From a practical perspective, this is not as easy as it may sound. Health care providers and other entities in the health care industry are becoming structurally more complicated as many such entities no longer act solely as HIPAA-covered entities or business associates. For example, health care providers may provide technology and related services as a business associate to other covered entities. Or, as another example, a covered entity could have a dual relationship with another covered entity: one relationship where they exchange ePHI to provide health care to mutual patients and another where they act as a business associate. Moreover, covered entities and business associates may be hybrid entities when they provide technology and related services as part of and separate from their HIPAA-regulated roles.

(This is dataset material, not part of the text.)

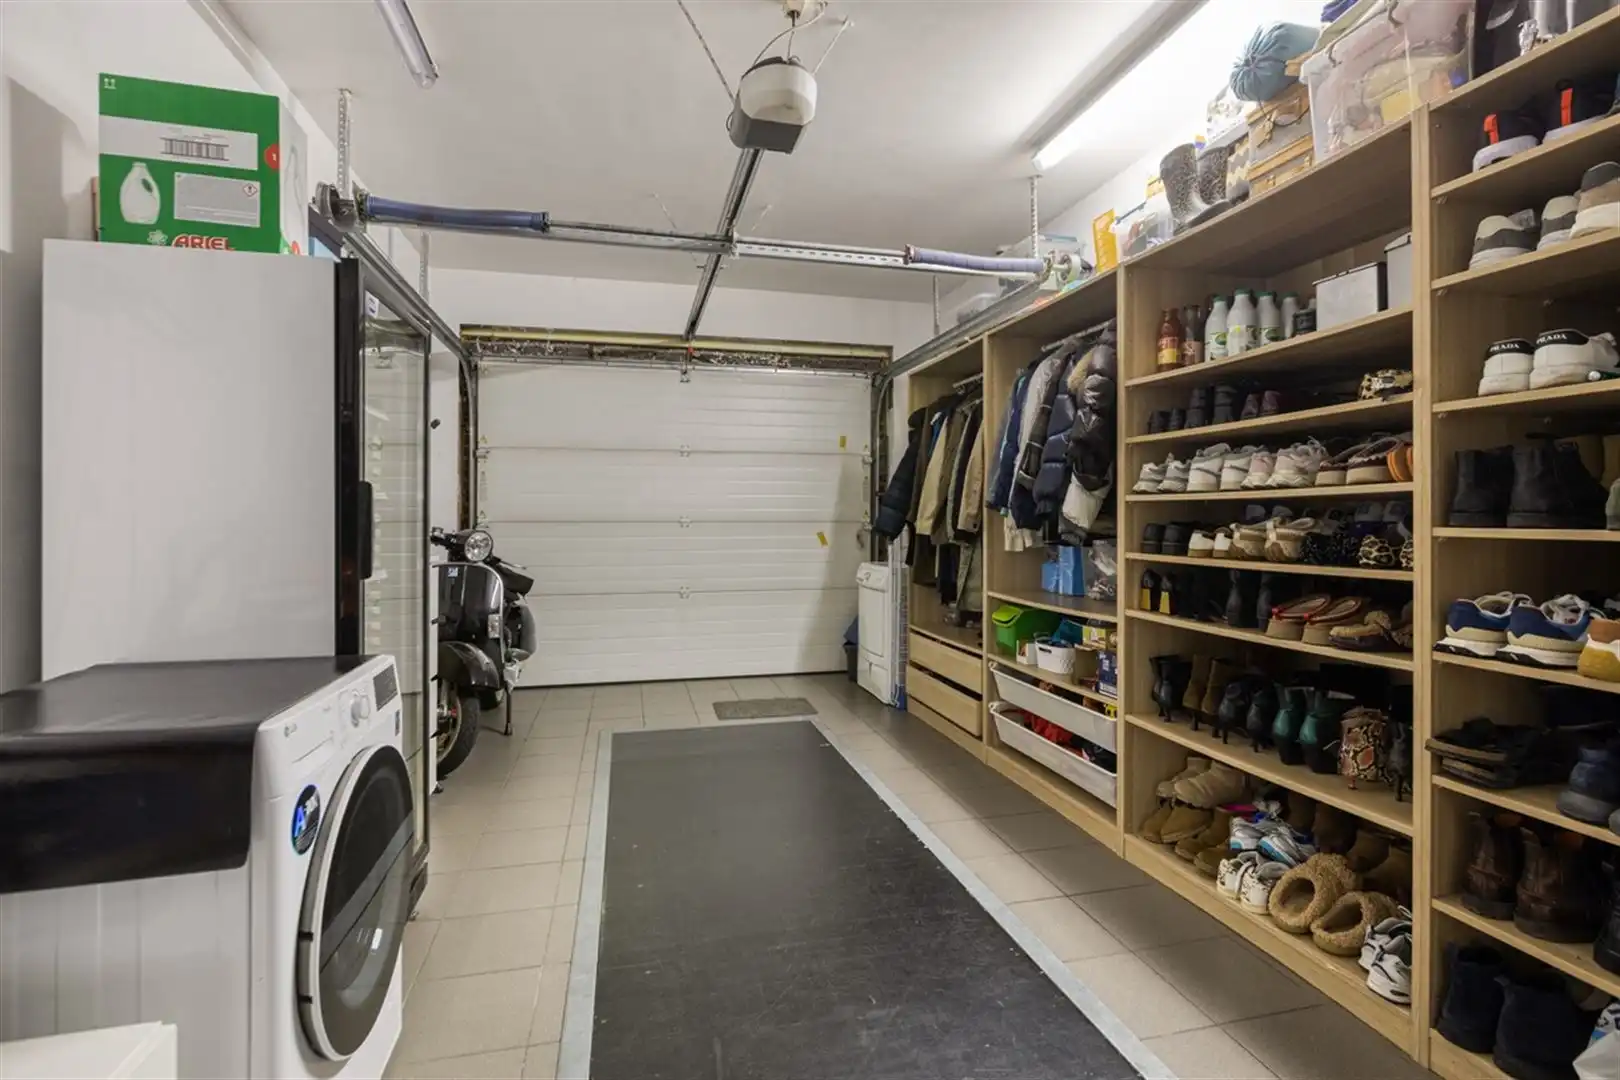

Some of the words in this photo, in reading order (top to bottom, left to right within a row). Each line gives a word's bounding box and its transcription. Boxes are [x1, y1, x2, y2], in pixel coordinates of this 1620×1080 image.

[172, 235, 235, 251] ARIEL
[1536, 333, 1567, 344] PRADA
[1490, 343, 1520, 352] PRADA

The technology arrangements may also be complicated and tangle the agency analysis assessing the potential risk of vicarious liability. Application developers may provide technology solutions with various levels of interaction with HIPAA-regulated entities, including off-the-shelf, configurable, or fully customized products and services. The technological details of the solution may be integral to the agency analysis for vicarious liability. For example, is an agency relationship created when an entity is providing a cloud-based platform that has a standard foundation for all customers but includes the ability for both the application developer and the covered entity to configure and customize some portions of it? Is a covered entity insulated from vicarious liability if it uses a technology solution that it can configure for its purposes, but exposed to vicarious liability if it requests customizations from an application developer that will have the exact same result? Should a covered entity use out-of-the-box technology solutions that may not ideally fit its business operations (possibly creating risk) rather than work with a third party to build a solution that better meets its operational objectives but increases the risk of vicarious liability?
We work with HIPAA-regulated entities to analyze how these relationships with technology providers can impact their HIPAA risk exposure. These FAQs seem to further muddy an already murky legal analysis by ignoring the critical agency element limiting the applicability of vicarious liability, and emphasize that HIPAA-regulated entities should pay close attention to whether they are creating an agency relationship with technology providers. Such entities may significantly increase their HIPAA-related risk if they treat technology-related agreements as business-as-usual deals. While the legal agency analysis can be complicated, they should thoroughly understand the parties’ roles, the technology involved, the actual tasks performed by the application developers, and other factors so they can accurately assess the potentially significant impact on their HIPAA risk exposure from using technology provided by third parties.
1 45 CFR 160.402(c)(1). Interestingly, in another FAQ that predates HITECH, but was reviewed by OCR subsequent to the HITECH Final Rule, OCR did not consider a covered entity to be liable for, or required to monitor, the actions of its business associates if the parties had signed a business associate agreement (BAA), and the covered entity took reasonable steps, to cure a breach in the event one occurred.